Subdivision of the Mughal Empire between 1580–1857

Delhi Subah, also known as the Shahjahanabad Subah, was one of the subahs (provincial-level administrative division) of the Mughal Empire. During the Mughal Empire, the Punjab region consisted of three subahs: Lahore and Multan subahs, and parts of Delhi Subah.

Delhi remained an important place for the Mughals, who built palaces and forts. Most importantly, Shah Jahan ordered his famous chief architect, Ustad Ahmad Lahori to build the walled city between 1638 and 1649, containing the Lal Qila and the Chandni Chowk. Delhi was one of the original twelve subahs (imperial Mughal provinces), renamed Shahjahanabad in 1648, bordering Awadh, Agra, Ajmer, Multan, and Lahore subahs. Daryaganj had the original cantonment of Delhi, after 1803, where a native regiment of Delhi garrison was stationed, which was later shifted to the Ridge area.
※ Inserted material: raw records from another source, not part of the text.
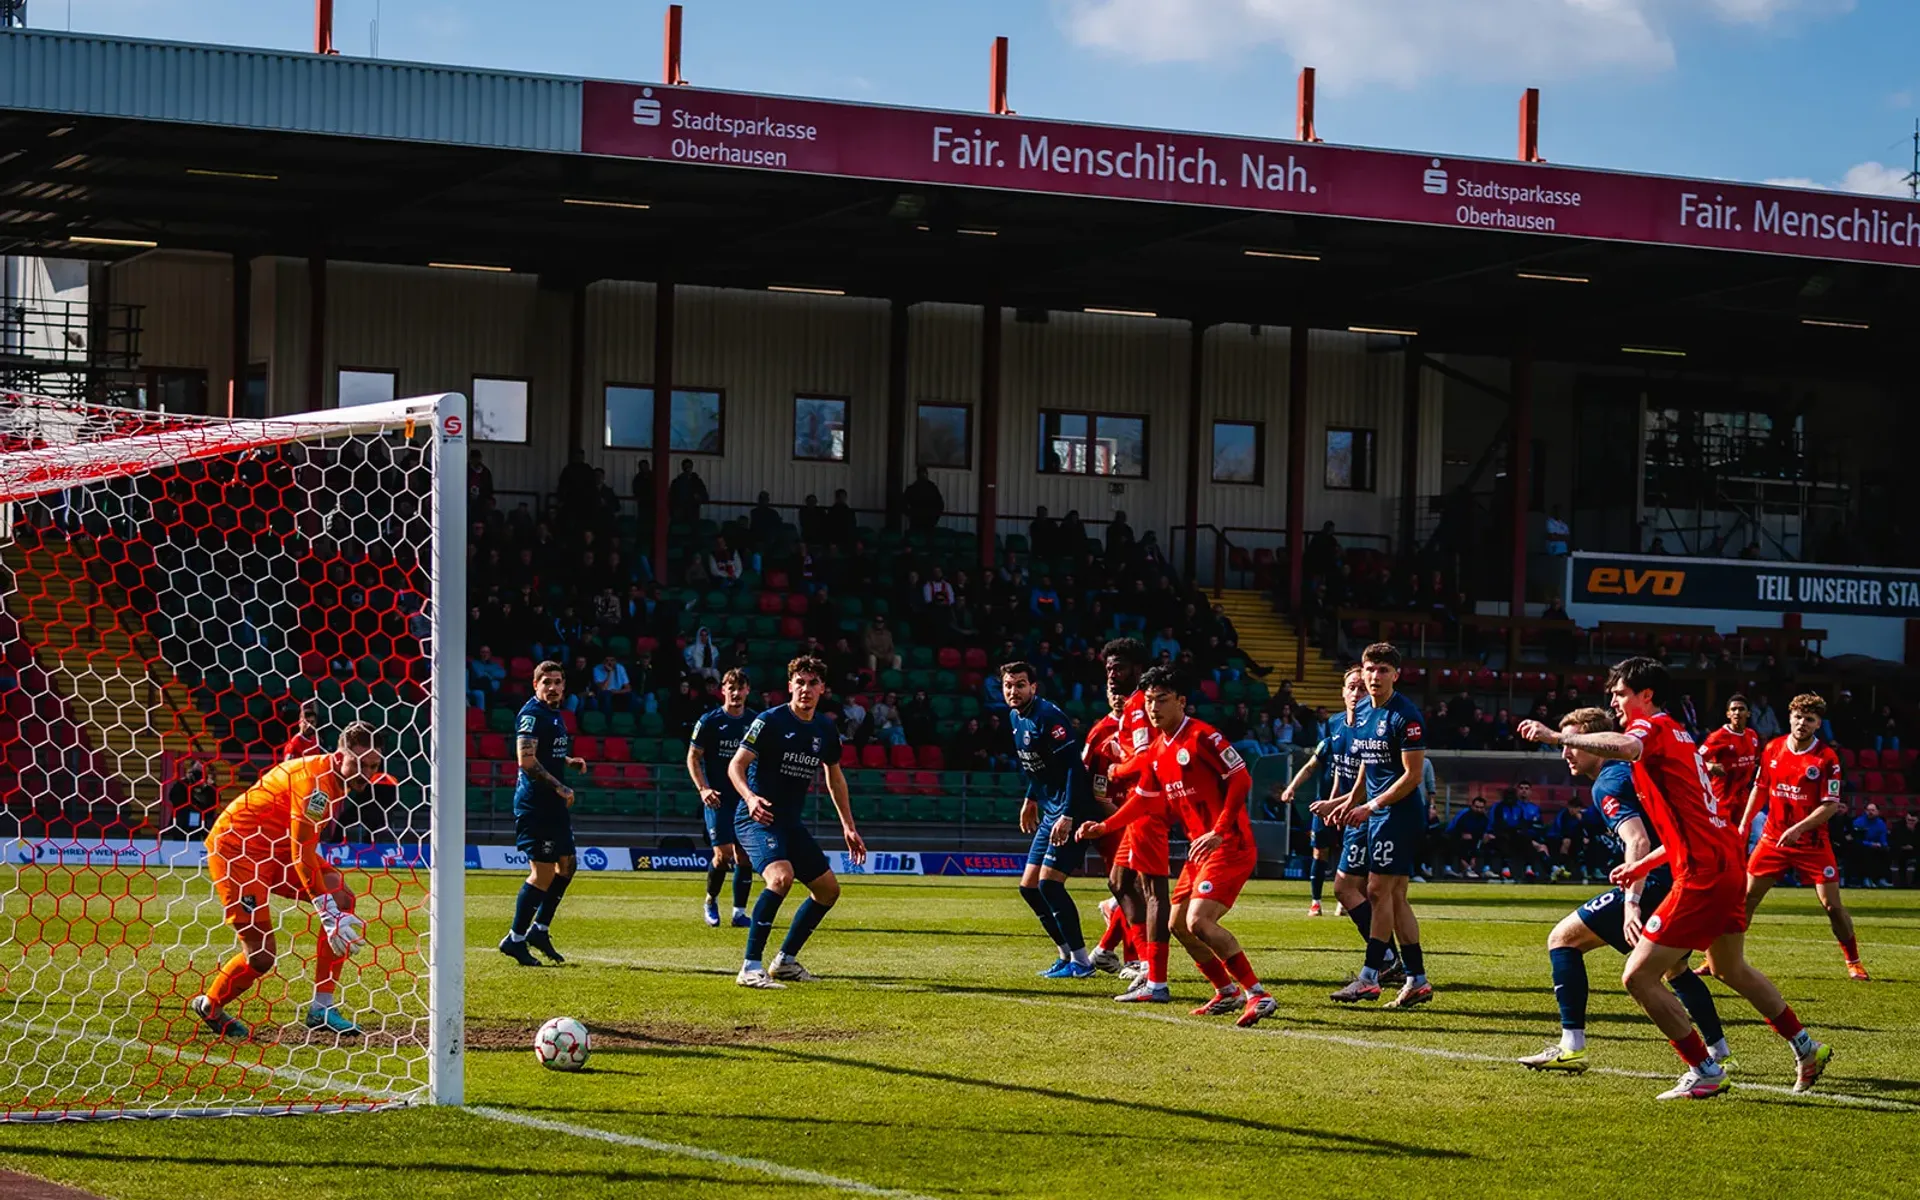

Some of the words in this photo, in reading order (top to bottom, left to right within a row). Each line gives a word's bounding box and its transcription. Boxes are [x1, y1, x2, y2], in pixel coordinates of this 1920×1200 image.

[671, 110, 817, 140] Stadtsparkasse
[671, 139, 787, 167] Oberhausen
[933, 127, 1005, 168] Fair.
[1019, 134, 1228, 188] Menschlich.
[1241, 153, 1318, 195] Nah.
[1456, 178, 1581, 208] Stadtsparkasse
[1456, 205, 1556, 232] Oberhausen
[1680, 193, 1741, 231] Fair.
[1588, 568, 1685, 596] evo
[1757, 575, 1793, 601] TEIL
[1799, 577, 1881, 605] UNSERER
[1887, 582, 1920, 607] STA
[652, 852, 708, 869] premio
[874, 852, 916, 871] ihb
[963, 855, 1019, 869] KESSEL
[1347, 843, 1367, 865] 31
[1372, 840, 1394, 862] 22
East of Daryaganj was Raj ghat Gate of the walled city, opening at Raj Ghat on Yamuna River. The first wholesale market of Old Delhi opened as the hardware market in Chawri Bazaar in 1840, the next wholesale market was that of dry fruits, spices, and herbs at Khari Baoli, opening in 1850. The Phool Mandi (Flower Market) of Daryaganj was established in 1869, and even today, despite serving a small geographical area, it is of great importance due to dense population.

== History ==
The early modern period in Indian history is marked with the rise of the Mughal Empire between the 16th and 18th centuries. After the fall of the Delhi Sultanate, the Mughals ruled from Agra, Sikri and Lahore, but the city once became the capital in 1648 during the rule of Shah Jahan, and remained the capital until the fall of the empire. During this time, Delhi became a center for culture, and poets such as Ghalib, Dard, Dagh and Zauq lived in the city and sought patronage of the emperor. The Mughals also built several monuments in the city including Humayun's Tomb, Red Fort, and Jama Masjid.
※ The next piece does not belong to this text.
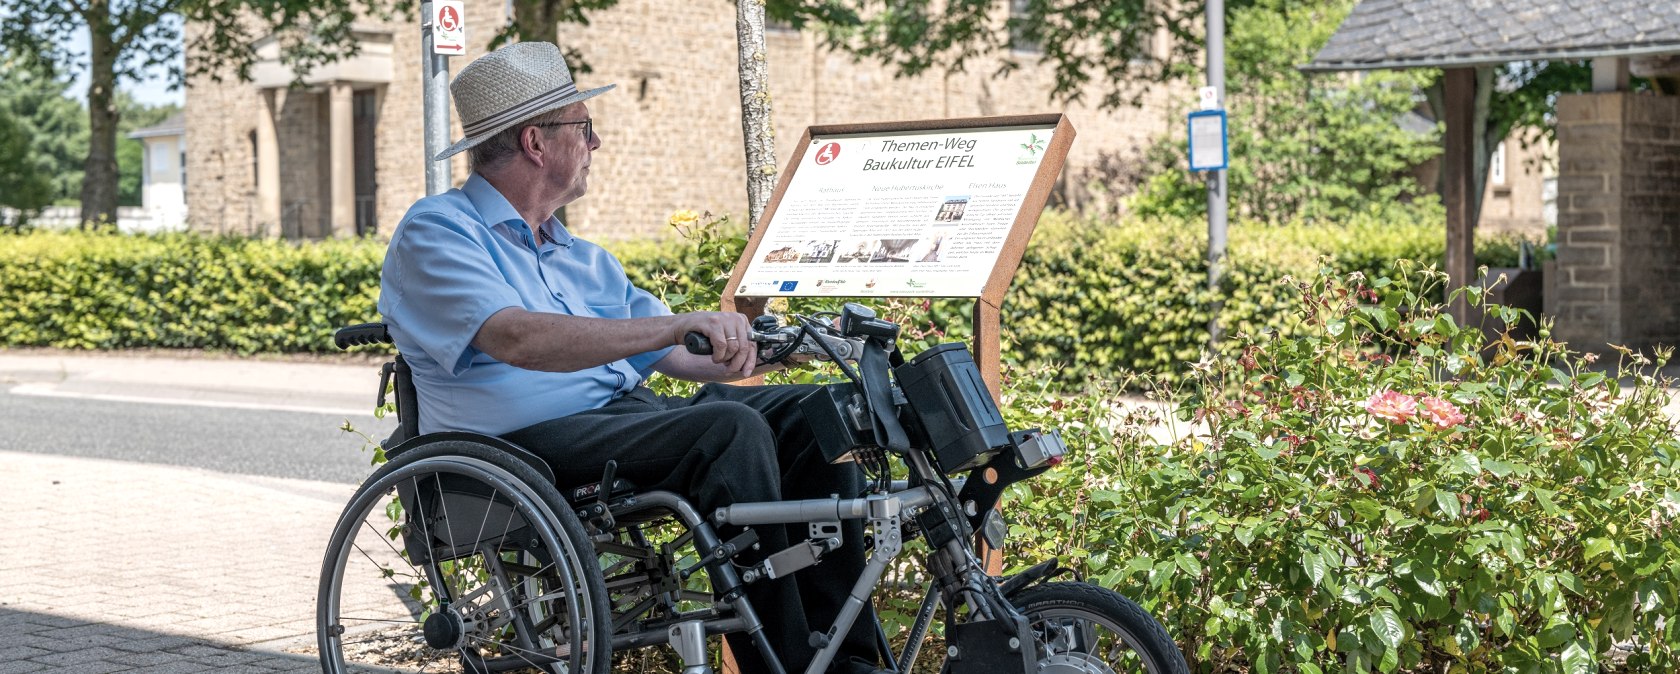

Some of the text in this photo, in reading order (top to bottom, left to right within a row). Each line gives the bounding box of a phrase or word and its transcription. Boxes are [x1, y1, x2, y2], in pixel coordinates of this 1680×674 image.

[880, 137, 977, 152] Themen-Weg
[863, 155, 975, 171] Baukultur EIFEL
=== Babur and Humayun (1526–1556) ===

The first Mughal Emperors Babur (1526–1530) and Humayun (1530–1540, restored 1556–57) ruled from Agra, unlike the preceding Delhi Sultans.
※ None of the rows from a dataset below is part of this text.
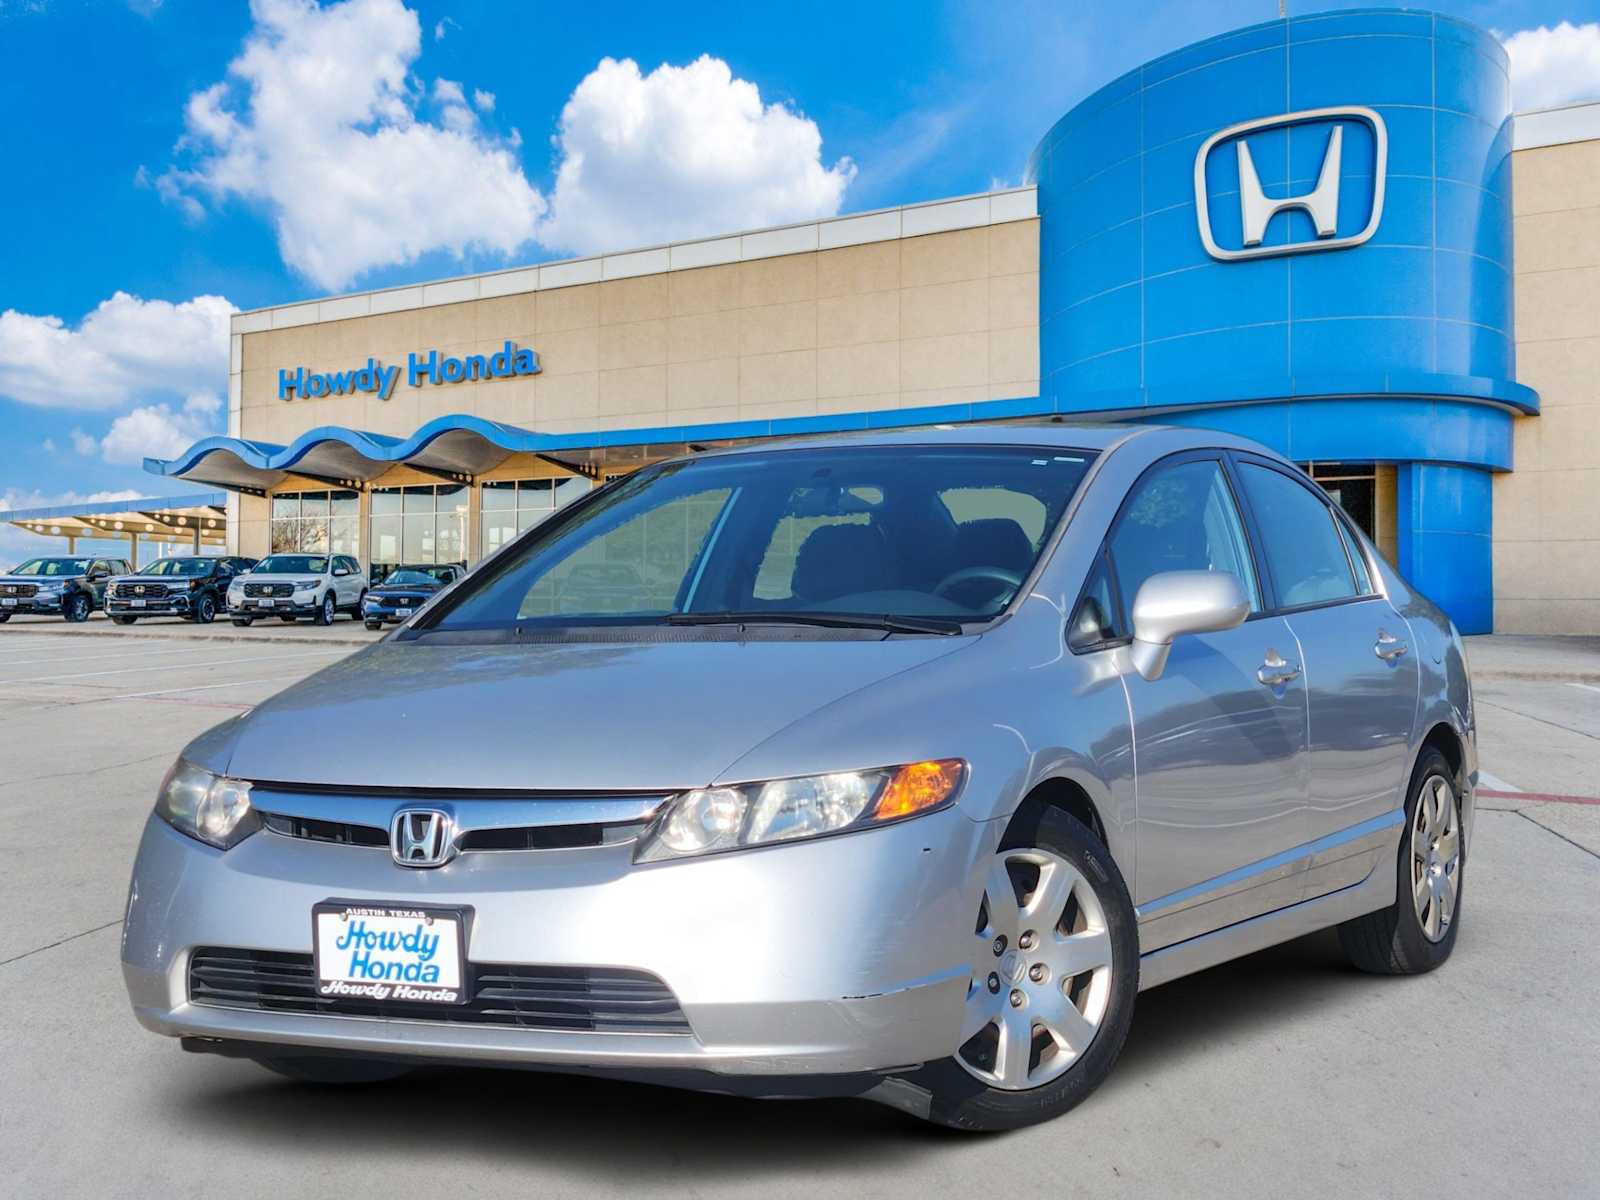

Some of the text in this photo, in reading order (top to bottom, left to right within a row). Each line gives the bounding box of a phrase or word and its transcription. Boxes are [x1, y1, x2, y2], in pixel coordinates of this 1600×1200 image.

[278, 340, 541, 401] Howdy Honda
[345, 907, 426, 919] AUSTIN TEXAS
[336, 920, 440, 961] Howdy
[348, 950, 441, 983] Honda
[321, 981, 458, 1002] Howdy Honda
In the mid-16th century there was an interruption in the Mughal rule of India as Sher Shah Suri defeated Humayun and forced him to flee to Persia. Sher Shah Suri built the sixth city of Delhi, as well as the old fort known as Purana Qila, even though this city was settled since the ancient era. After Sher Shah Suri's death in 1545, his son Islam Shah took the reins of north India from Delhi. Islam Shah ruled from Delhi. Then Humayun was briefly restored; but meanwhile in 1553 the Hindu Hemu became the Prime Minister and Chief of Army of Adil Shah.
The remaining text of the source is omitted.